=== Activity ===
Within the records below, repeat each line exactly but keep every picture out of the copy.

-- Dataset content follows --

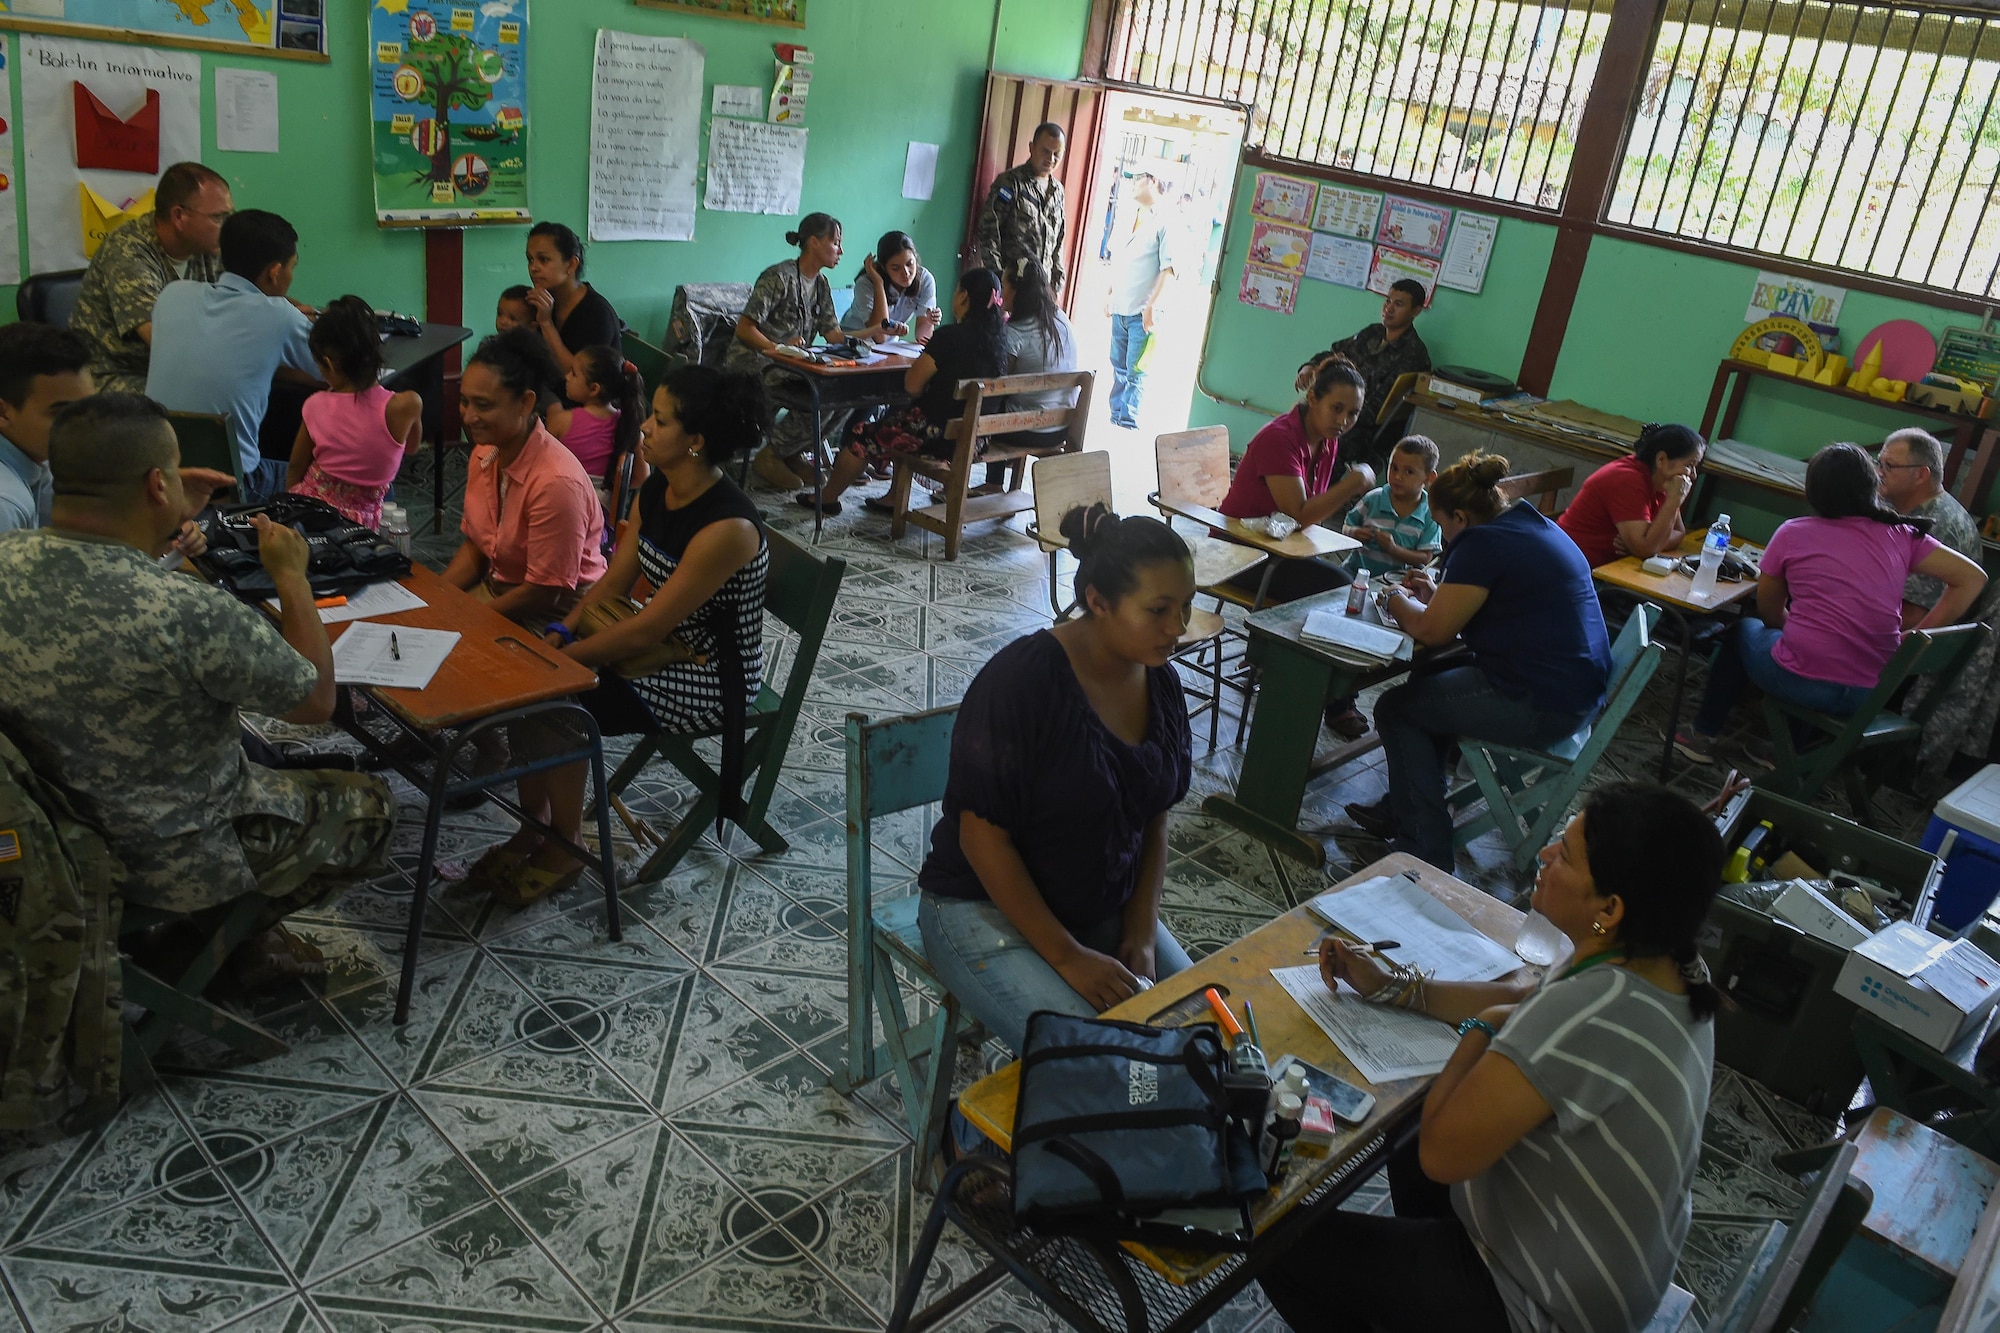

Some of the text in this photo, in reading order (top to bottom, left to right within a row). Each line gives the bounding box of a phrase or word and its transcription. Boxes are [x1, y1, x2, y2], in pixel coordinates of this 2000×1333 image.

[597, 55, 608, 68] La
[597, 72, 609, 84] La
[597, 90, 608, 102] La
[610, 95, 630, 103] vaca
[597, 107, 609, 118] La
[596, 139, 608, 150] La
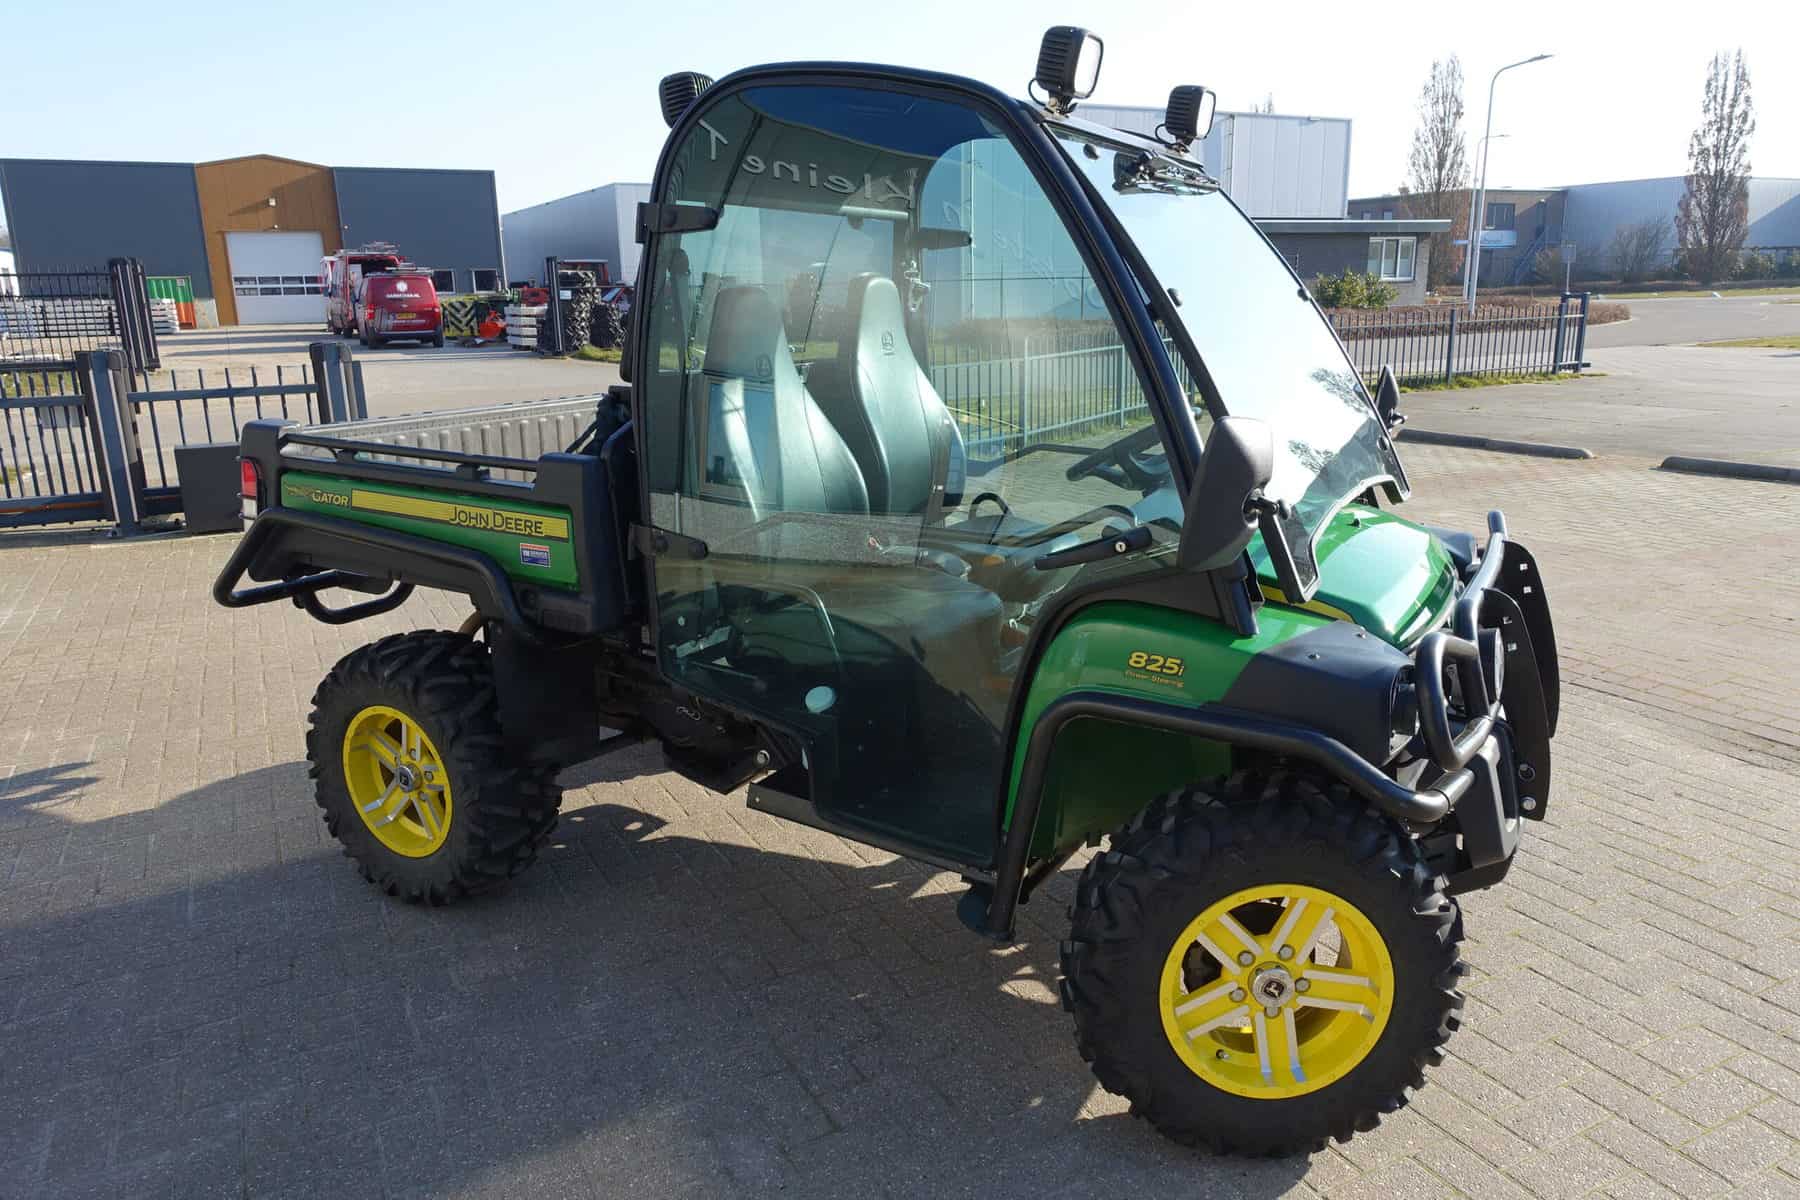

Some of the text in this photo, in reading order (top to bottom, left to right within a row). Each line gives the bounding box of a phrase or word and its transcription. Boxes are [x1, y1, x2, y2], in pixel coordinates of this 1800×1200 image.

-- Dataset content concluded --

=== Answer ===
Some of the text in this photo, in reading order (top to bottom, left to right within a row). Each line gives the bounding box of a phrase or word and its transcription. Boxes are [x1, y1, x2, y2], in pixel coordinates of this 2000×1333 image.

[597, 55, 608, 68] La
[597, 72, 609, 84] La
[597, 90, 608, 102] La
[610, 95, 630, 103] vaca
[597, 107, 609, 118] La
[596, 139, 608, 150] La

Some of the text in this photo, in reading order (top to bottom, left to right within a row). Each line gives the bounding box of a phrase or word and its transcription. Boxes are [x1, y1, x2, y2], in pixel coordinates of this 1800×1200 image.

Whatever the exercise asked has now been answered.